- About this exercise: Copy each entry verbatim, excluding its images.

++++ Data for analysis

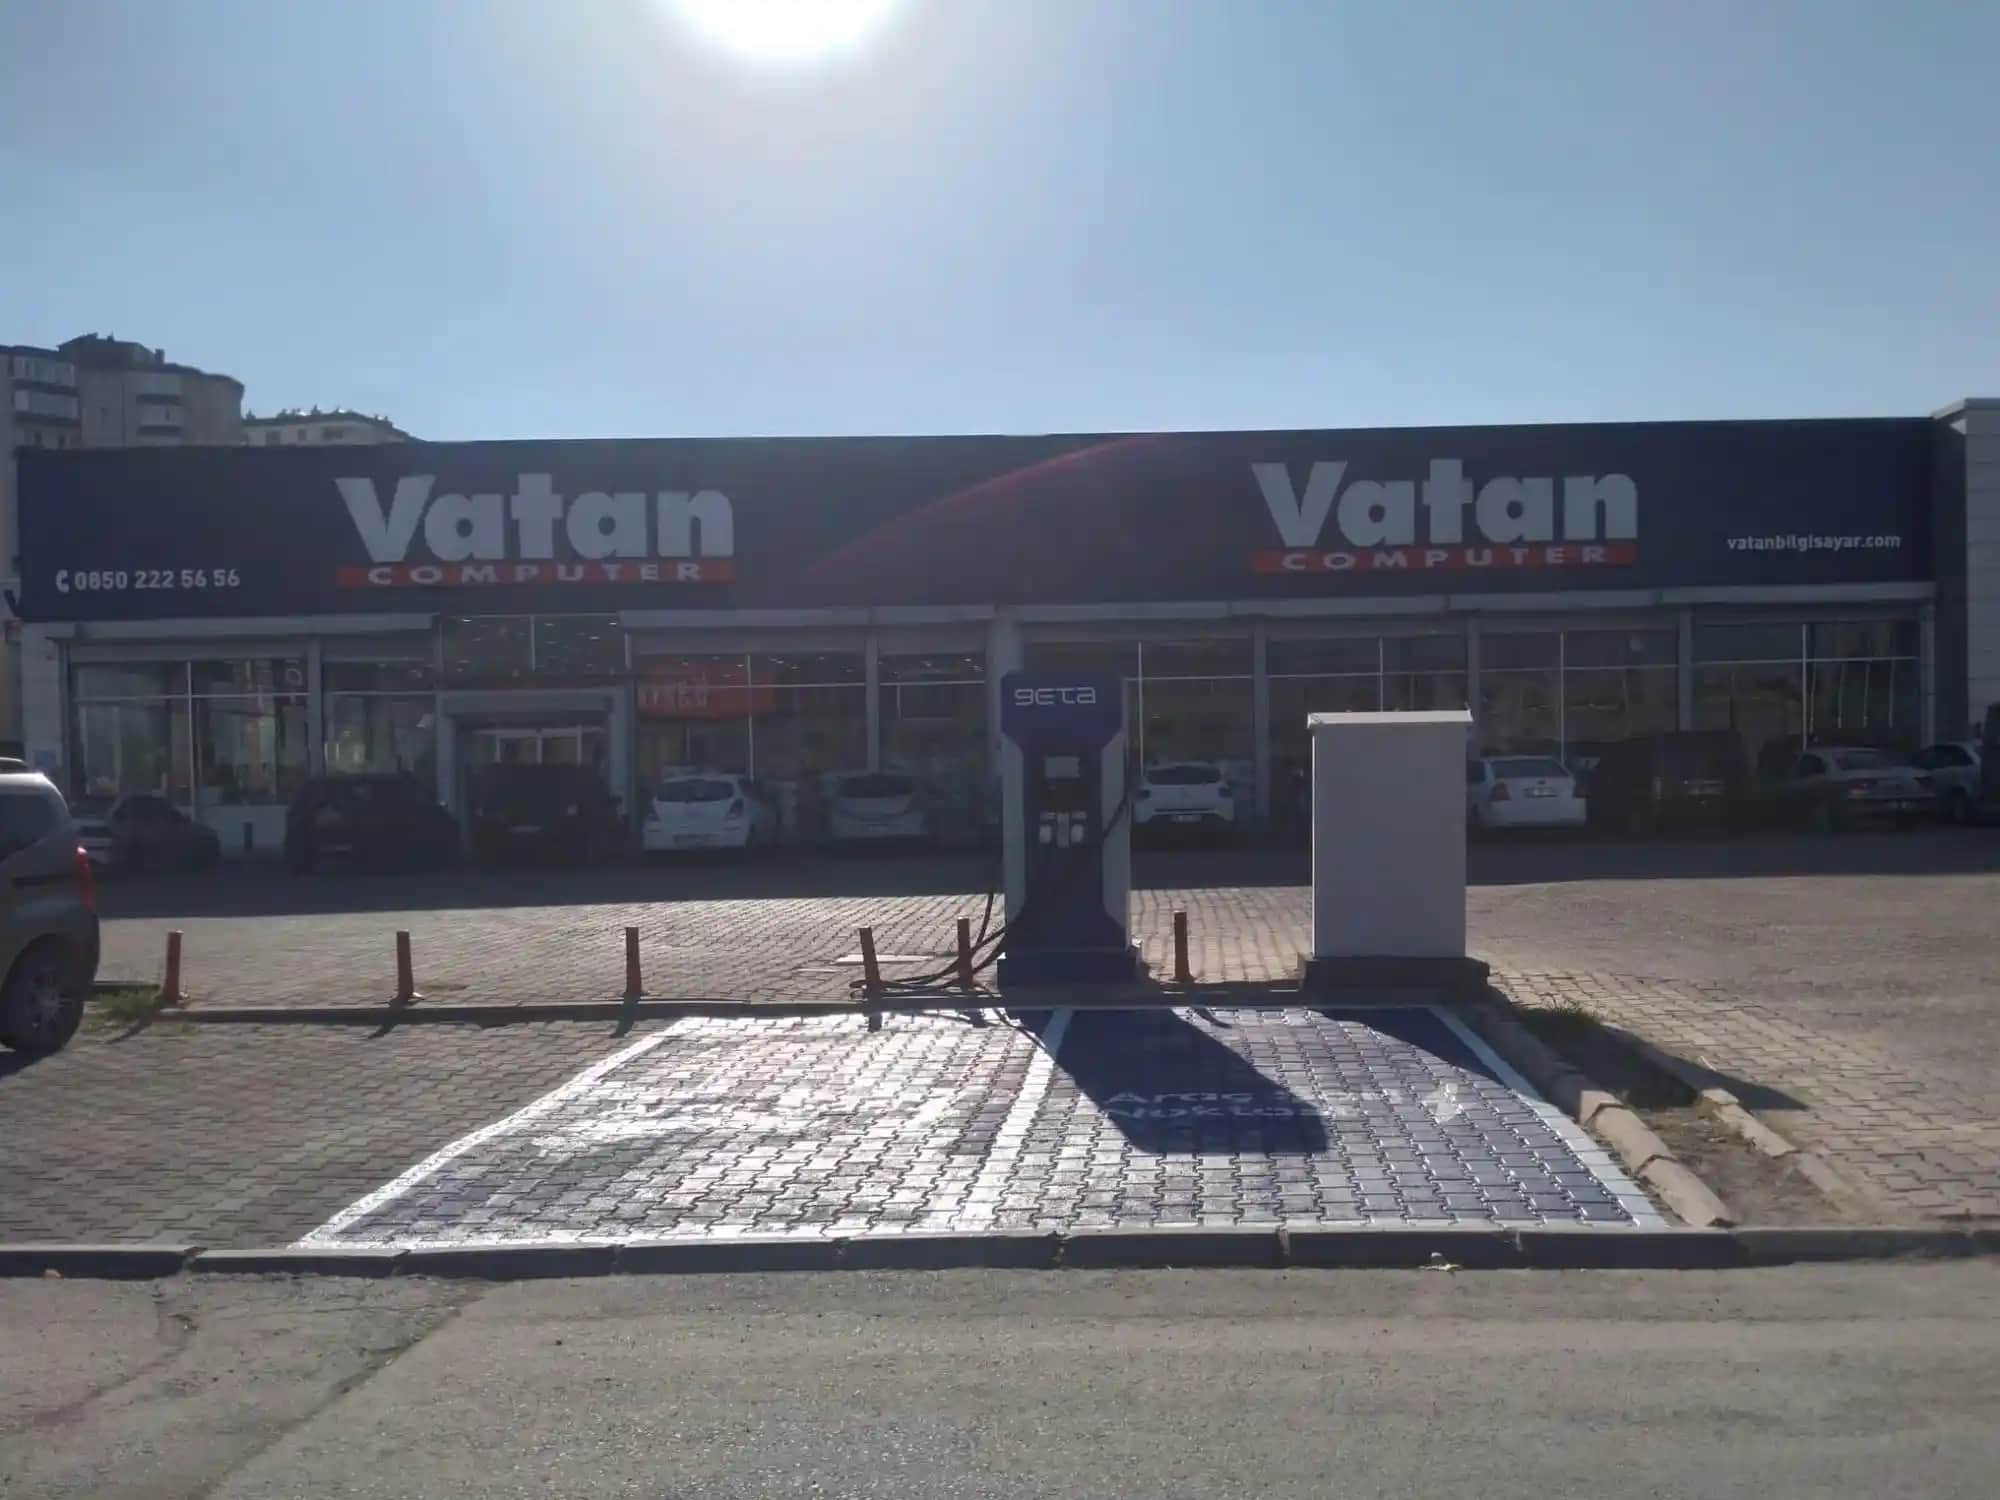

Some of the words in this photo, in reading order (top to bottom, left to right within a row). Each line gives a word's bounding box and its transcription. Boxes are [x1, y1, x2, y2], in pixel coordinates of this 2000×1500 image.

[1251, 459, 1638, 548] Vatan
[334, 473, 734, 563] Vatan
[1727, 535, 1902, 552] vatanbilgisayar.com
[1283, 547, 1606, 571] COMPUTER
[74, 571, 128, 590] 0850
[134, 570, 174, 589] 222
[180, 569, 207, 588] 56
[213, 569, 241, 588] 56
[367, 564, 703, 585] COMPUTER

++++++++

- Task result:
Some of the words in this photo, in reading order (top to bottom, left to right within a row). Each line gives a word's bounding box and its transcription. Boxes are [x1, y1, x2, y2], in pixel coordinates of this 2000×1500 image.

[1251, 459, 1638, 548] Vatan
[334, 473, 734, 563] Vatan
[1727, 535, 1902, 552] vatanbilgisayar.com
[1283, 547, 1606, 571] COMPUTER
[74, 571, 128, 590] 0850
[134, 570, 174, 589] 222
[180, 569, 207, 588] 56
[213, 569, 241, 588] 56
[367, 564, 703, 585] COMPUTER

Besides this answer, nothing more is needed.